Zezé Motta, que já tinha ganhado projeção ao interpretar Xica da Silva, pensou: “bom, agora eu vou explodir”. Entretanto, o primeiro convite depois da novela que recebeu foi para interpretar uma empregada que servia doces para o Caso Especial: Festa de Aniversário, adaptação da obra de Clarice Lispector. Zezé recusou o papel, mesmo com a ligação do diretor Ziembinski pedindo para não “fechar esta porta”[4].
A primeira versão de Gabriela, de 1975, baseada no romance de Jorge Amado, teve como protagonista a atriz Sonia Braga. A justificativa do diretor Walter Avancini foi que não havia no mercado nenhuma atriz negra preparada para o papel. Aí, diante desta “impossibilidade”, segundo ele, foi escalada Sonia Braga. Curioso, já que, para o papel de empregada normalmente há várias atrizes negras preparadas, não é?
Há cinco anos, com a novela Segundo Sol, tivemos a escalação de um elenco majoritariamente branco (inclusive no núcleo principal, com Adriana Esteves, Giovanna Antonelli, Leticia Colin, Chay Suede, Vladimir Brichta, Emilio Dantas e Deborah Secco), em uma novela que se passa na Bahia, onde mais da metade da população é negra. Neste caso, o Ministério Público do Trabalho chegou a notificar a emissora, pouco antes da estreia, sobre a necessidade de representatividade de pessoas negras na trama.
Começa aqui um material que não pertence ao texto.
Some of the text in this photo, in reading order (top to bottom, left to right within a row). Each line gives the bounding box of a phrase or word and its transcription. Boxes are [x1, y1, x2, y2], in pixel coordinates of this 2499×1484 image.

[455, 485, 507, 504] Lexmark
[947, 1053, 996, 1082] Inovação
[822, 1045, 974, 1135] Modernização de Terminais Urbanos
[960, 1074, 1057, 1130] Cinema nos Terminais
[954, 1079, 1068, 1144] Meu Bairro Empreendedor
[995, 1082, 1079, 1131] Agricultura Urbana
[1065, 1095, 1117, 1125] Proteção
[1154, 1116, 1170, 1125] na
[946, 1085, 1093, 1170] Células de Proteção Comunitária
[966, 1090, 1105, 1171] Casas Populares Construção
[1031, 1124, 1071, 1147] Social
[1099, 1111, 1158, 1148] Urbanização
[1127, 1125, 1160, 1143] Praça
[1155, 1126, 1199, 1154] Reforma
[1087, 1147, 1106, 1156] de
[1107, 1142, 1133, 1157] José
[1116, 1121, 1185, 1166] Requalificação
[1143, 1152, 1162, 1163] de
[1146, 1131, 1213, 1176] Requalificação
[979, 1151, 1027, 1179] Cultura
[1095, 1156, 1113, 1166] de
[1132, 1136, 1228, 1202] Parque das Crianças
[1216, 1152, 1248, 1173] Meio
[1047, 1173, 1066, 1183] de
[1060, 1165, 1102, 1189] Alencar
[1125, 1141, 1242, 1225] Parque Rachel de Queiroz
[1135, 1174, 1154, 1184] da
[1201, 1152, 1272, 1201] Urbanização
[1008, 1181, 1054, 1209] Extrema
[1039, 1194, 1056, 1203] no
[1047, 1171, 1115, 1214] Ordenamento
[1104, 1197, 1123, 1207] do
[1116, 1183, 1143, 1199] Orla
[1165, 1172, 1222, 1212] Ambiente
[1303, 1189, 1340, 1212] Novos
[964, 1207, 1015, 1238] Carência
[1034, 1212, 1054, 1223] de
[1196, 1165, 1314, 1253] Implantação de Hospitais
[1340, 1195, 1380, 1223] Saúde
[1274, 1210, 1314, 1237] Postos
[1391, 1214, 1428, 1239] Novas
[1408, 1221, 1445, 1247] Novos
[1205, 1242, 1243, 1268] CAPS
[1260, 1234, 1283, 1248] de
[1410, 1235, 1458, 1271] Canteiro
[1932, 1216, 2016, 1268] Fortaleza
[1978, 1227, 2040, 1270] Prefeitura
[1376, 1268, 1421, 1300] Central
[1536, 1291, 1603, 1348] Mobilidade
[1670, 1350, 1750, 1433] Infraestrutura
Recém-lançada, a novela Amor Perfeito, traz um elenco com diversos atores e atrizes negros, cujos personagens movimentam a trama e são os mais variados, como o médico Orlando (Diogo Almeida, protagonista), fotógrafo Odilon (Bruno Quixotte), os freis Tomé (Toni Tornado) e Severo (Babu Santana), o promotor de justiça Silvio (Bukassa Kabengele) e a professora Celeste (Cyda Moreno). Como é bom ligar e assistir a uma novela com tamanha representatividade, com pessoas negras que não estão interpretando papel de escravizados ou algum outro estereotipo, como o de mommy ou de malandro. Setenta anos depois da primeira telenovela brasileira, percebemos mudanças. Que elas, finalmente, venham.
Notas de rodapé
[1] Milton faleceu no dia 30 de maio de 2022. Neste ano, no dia 09 de dezembro, completaria 90 anos de idade.
[2] INTERCINÉFILA, Nostalgia. Jornal Nacional (30-05-2022) – Morte do ator Milton Gonçalves. Disponível em: <https://www.youtube.com/watch?v=tnl_wOKskUI>. Acesso em: 4 May 2023.
[3] GOMES, Karol. Thalma de Freitas fala sobre Zilda de ‘Laços de Família’ e diz que ’empregada doméstica é luxo’. Hypeness. Disponível em: <https://www.hypeness.com.br/2021/02/thalma-de-freitas-fala-sobre-zilda-de-lacos-de-familia-e-diz-que-empregada-domestica-e-luxo/>. Acesso em: 4 May 2023.
[4] HYGINO, Cacau. Zezé Motta: um canto de resistência. São Paulo: Companhia Editora Nacional, 2018. p. 101.